◆ Task brief ◆
Restate, in full and unchanged, the entries that follow, but not their pictures.

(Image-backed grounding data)
===

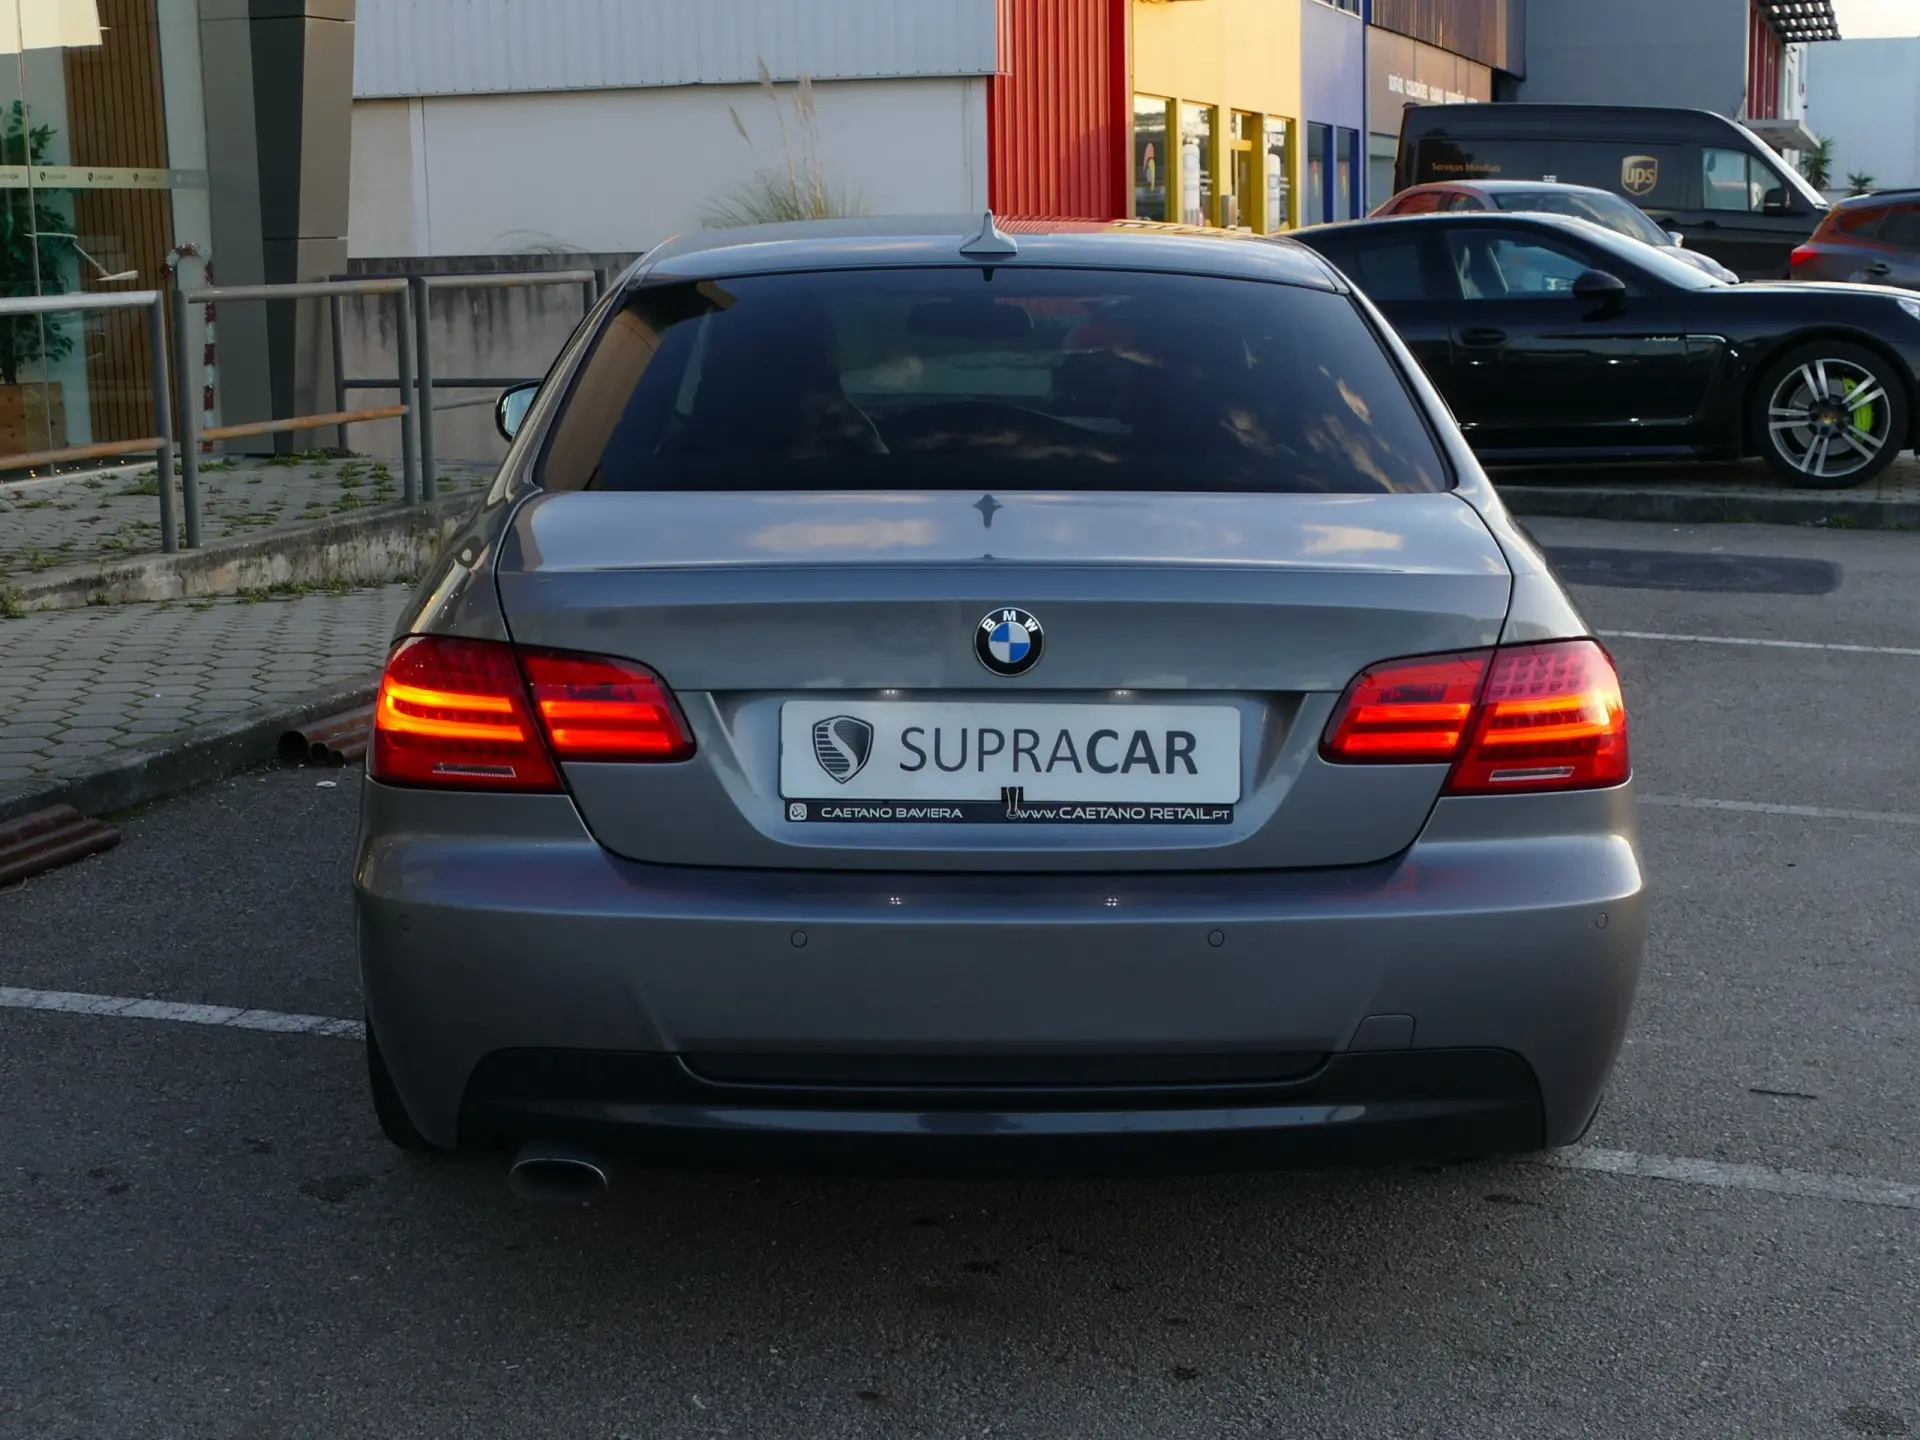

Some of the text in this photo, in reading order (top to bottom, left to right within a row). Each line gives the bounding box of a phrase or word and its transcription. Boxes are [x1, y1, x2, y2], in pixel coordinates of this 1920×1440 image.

[1625, 168, 1656, 189] ups
[981, 610, 1039, 633] BMW
[899, 727, 1199, 775] SUPRACAR
[821, 807, 963, 819] CAETANO BAVIERA
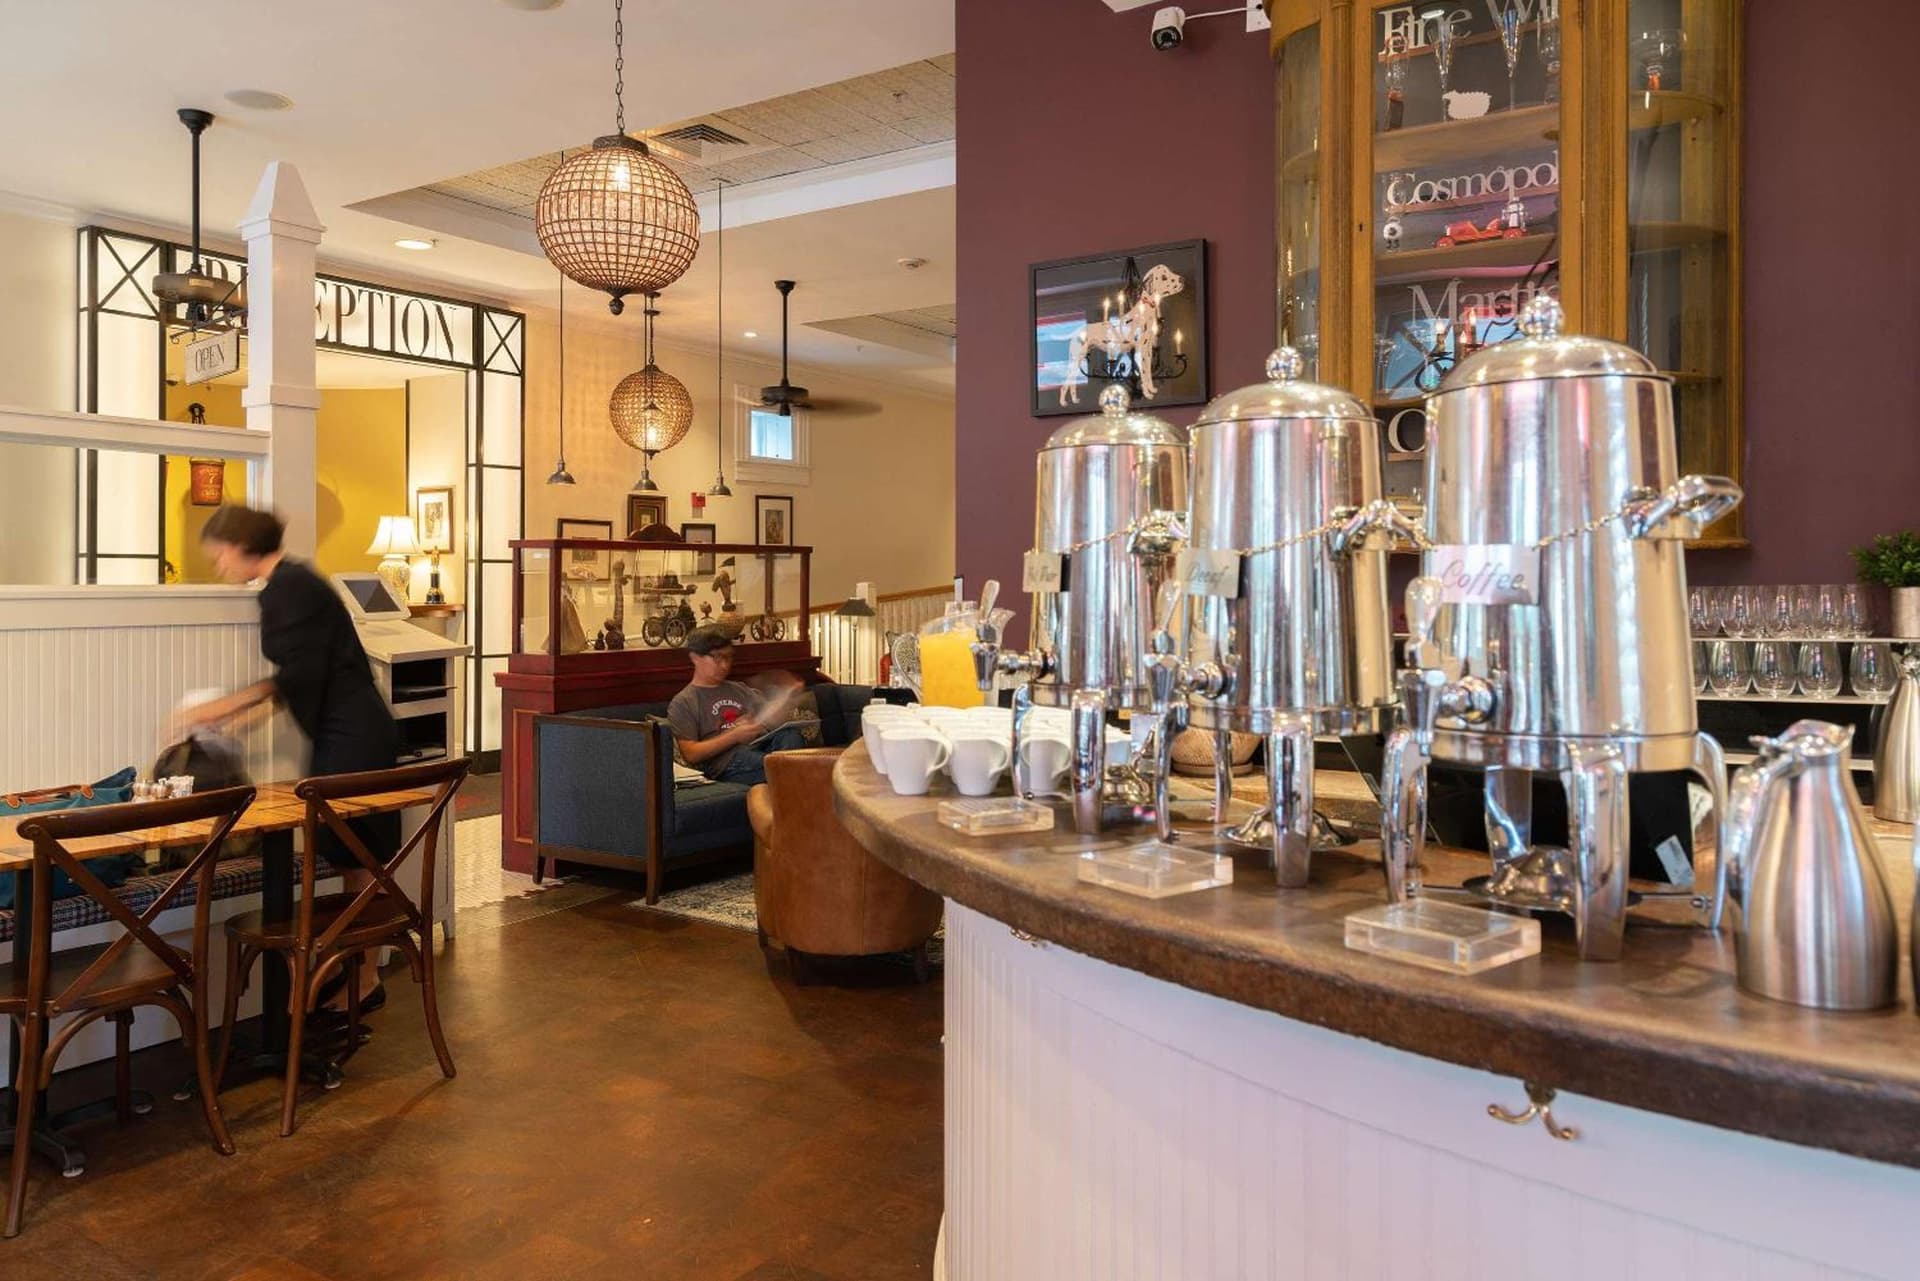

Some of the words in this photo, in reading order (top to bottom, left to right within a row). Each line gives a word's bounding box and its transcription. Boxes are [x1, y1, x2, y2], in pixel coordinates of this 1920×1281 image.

[1378, 6, 1473, 57] Fine
[1407, 277, 1559, 328] Marti
[194, 343, 225, 374] OPEN
[1441, 558, 1526, 596] Coffee
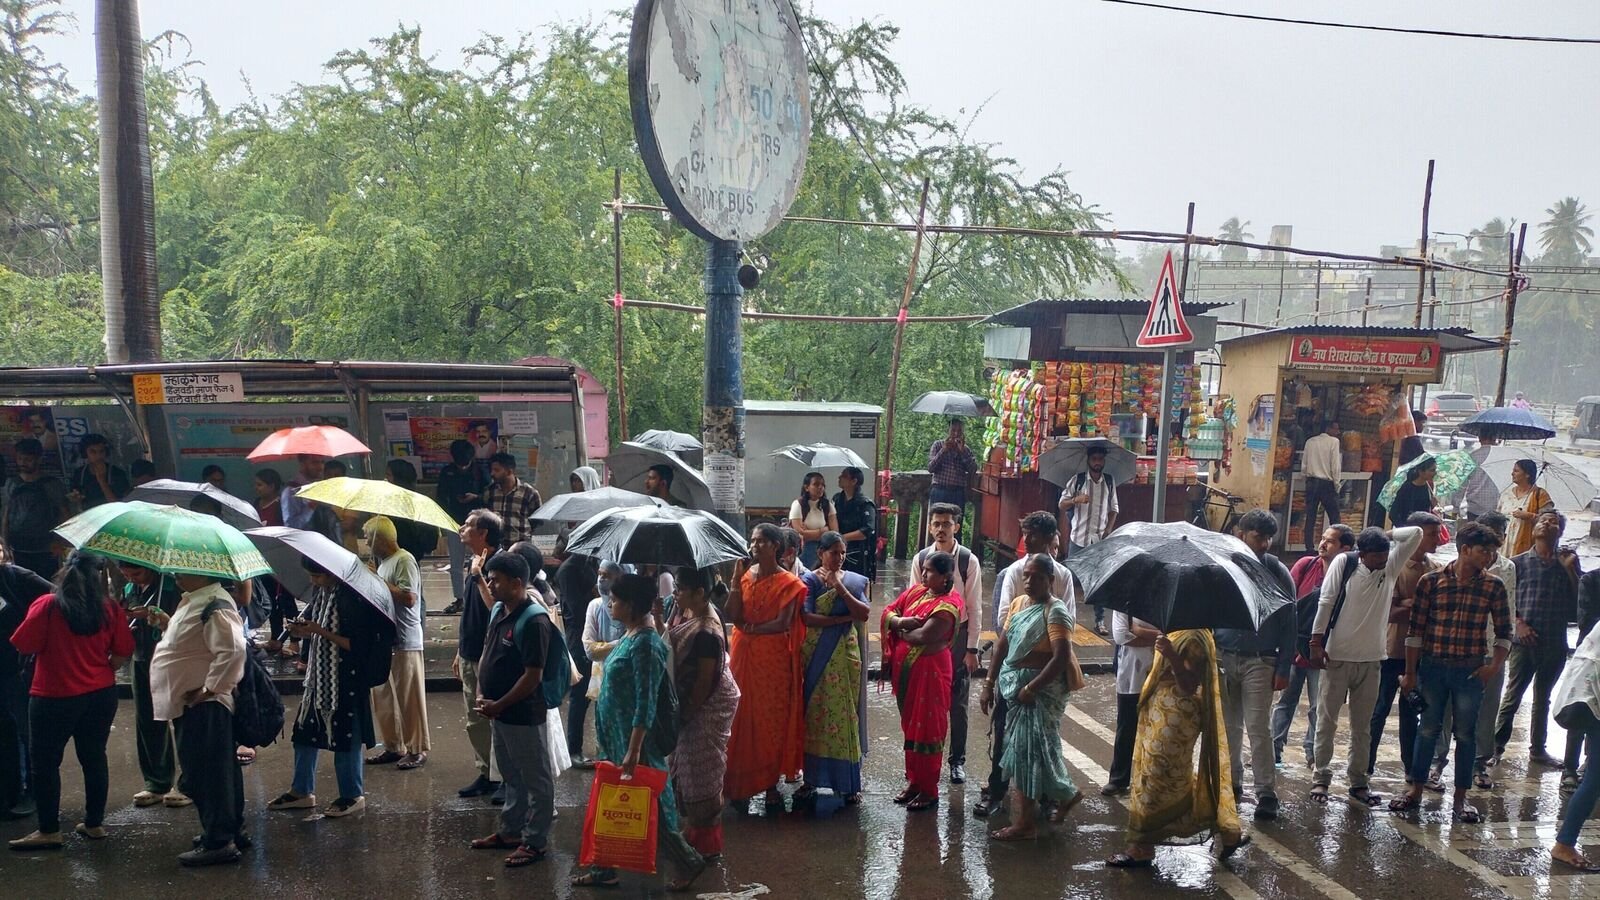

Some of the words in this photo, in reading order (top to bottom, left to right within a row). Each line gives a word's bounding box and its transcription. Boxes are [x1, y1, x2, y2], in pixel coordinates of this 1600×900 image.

[728, 191, 754, 215] BUS
[1312, 348, 1327, 361] जय
[1388, 352, 1417, 365] फरसाण
[230, 385, 234, 393] ३
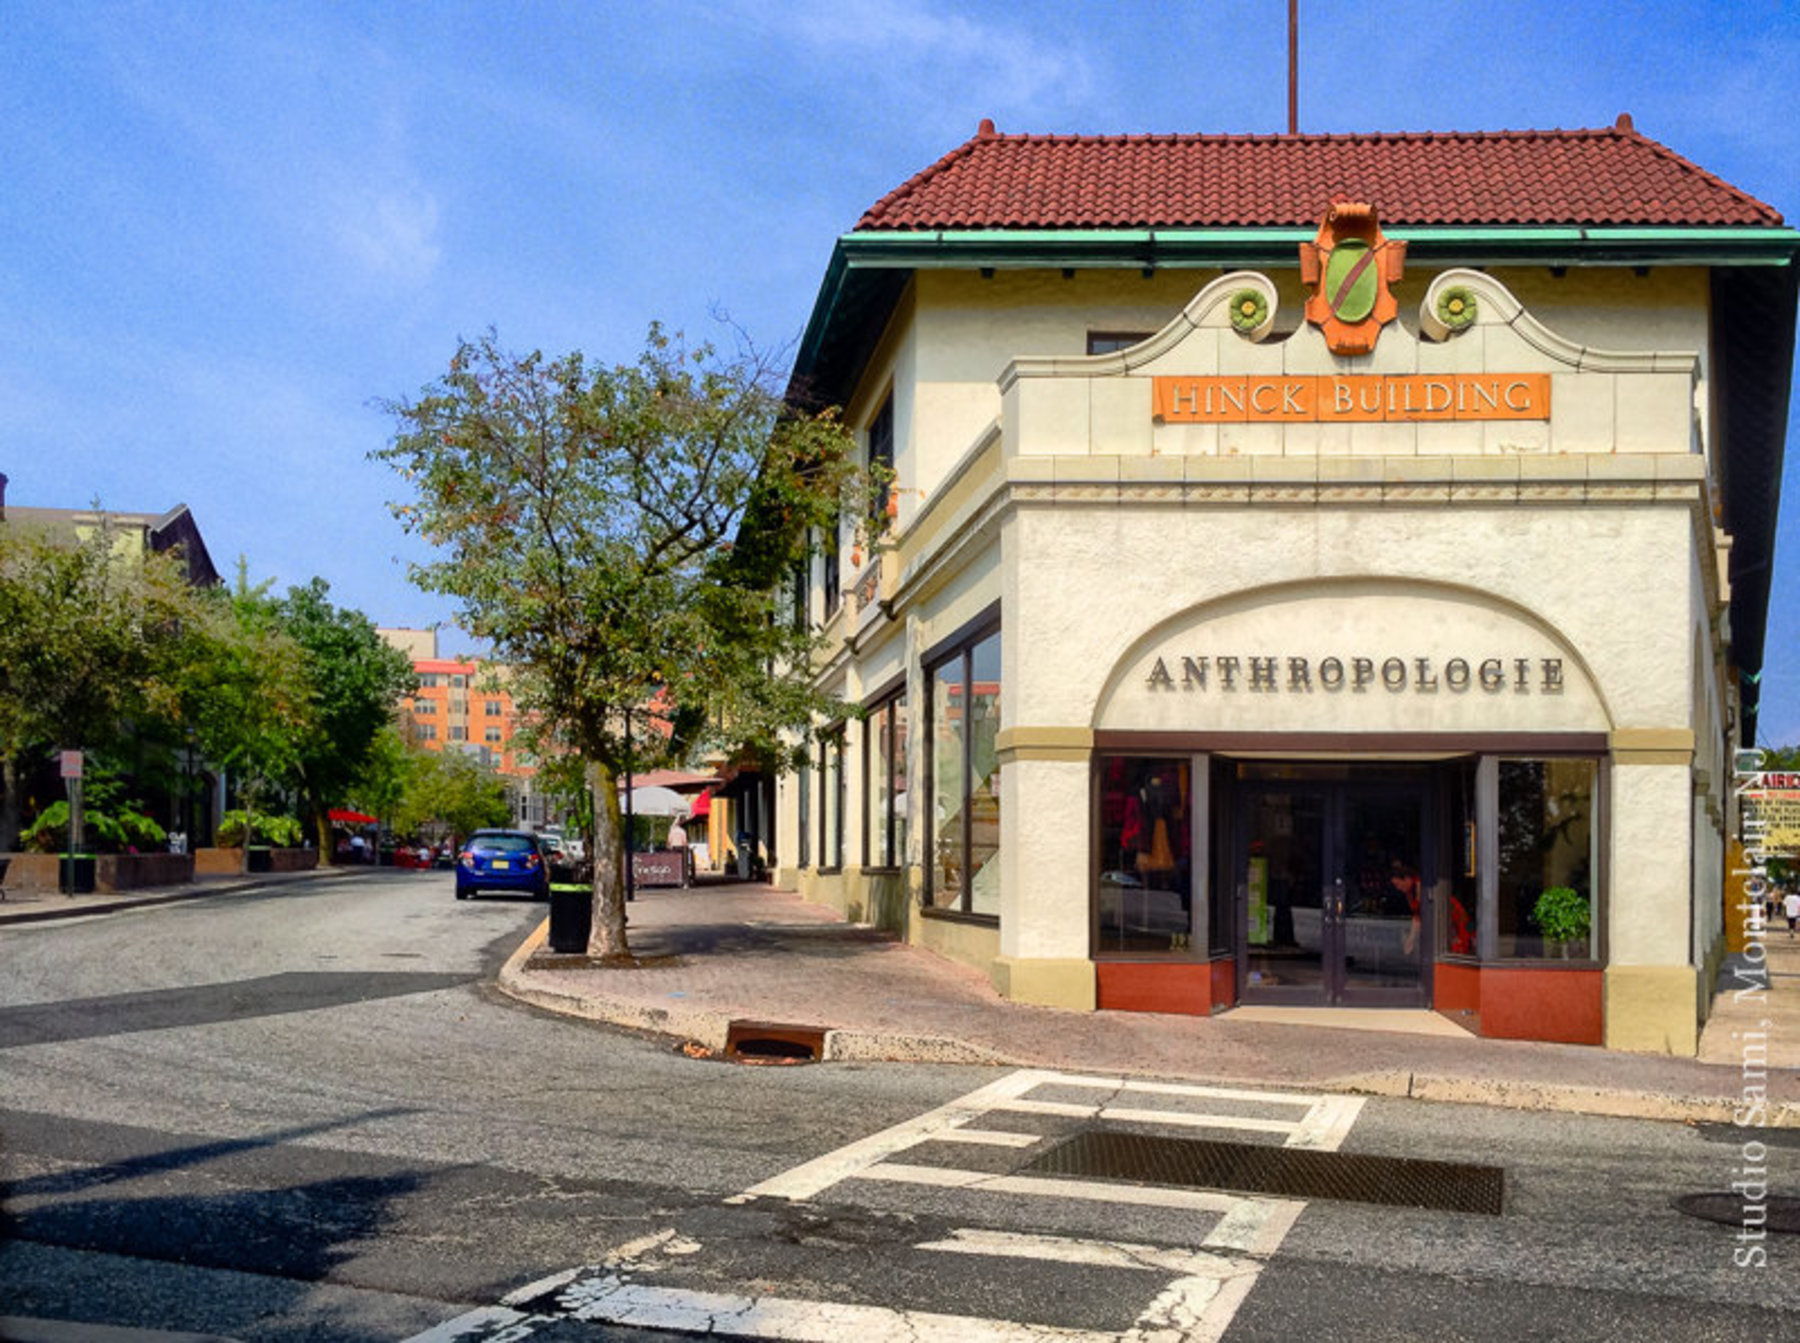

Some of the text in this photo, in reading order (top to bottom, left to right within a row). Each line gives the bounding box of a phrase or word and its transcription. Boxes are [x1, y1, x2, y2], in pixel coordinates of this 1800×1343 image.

===

◆ Answer to the problem ◆
Some of the text in this photo, in reading order (top to bottom, left to right within a row). Each line gives the bounding box of a phrase or word and its transcription. Boxes are [x1, y1, x2, y2], in pixel coordinates of this 1920×1440 image.

[1625, 168, 1656, 189] ups
[981, 610, 1039, 633] BMW
[899, 727, 1199, 775] SUPRACAR
[821, 807, 963, 819] CAETANO BAVIERA

Some of the words in this photo, in reading order (top to bottom, left to right within a row). Each line gives a word's bounding box and its transcription. Boxes are [x1, y1, x2, y2], in pixel coordinates of this 1920×1281 image.

[1378, 6, 1473, 57] Fine
[1407, 277, 1559, 328] Marti
[194, 343, 225, 374] OPEN
[1441, 558, 1526, 596] Coffee

Some of the words in this photo, in reading order (top to bottom, left to right within a row). Each line gives a word's bounding box and its transcription. Boxes are [x1, y1, x2, y2], in pixel coordinates of this 1600×900 image.

[728, 191, 754, 215] BUS
[1312, 348, 1327, 361] जय
[1388, 352, 1417, 365] फरसाण
[230, 385, 234, 393] ३

Some of the text in this photo, in reading order (top to bottom, left to right within a row). Each line gives the bounding box of a phrase or word and its transcription. Boxes are [x1, y1, x2, y2], in pixel coordinates of this 1800×1343 image.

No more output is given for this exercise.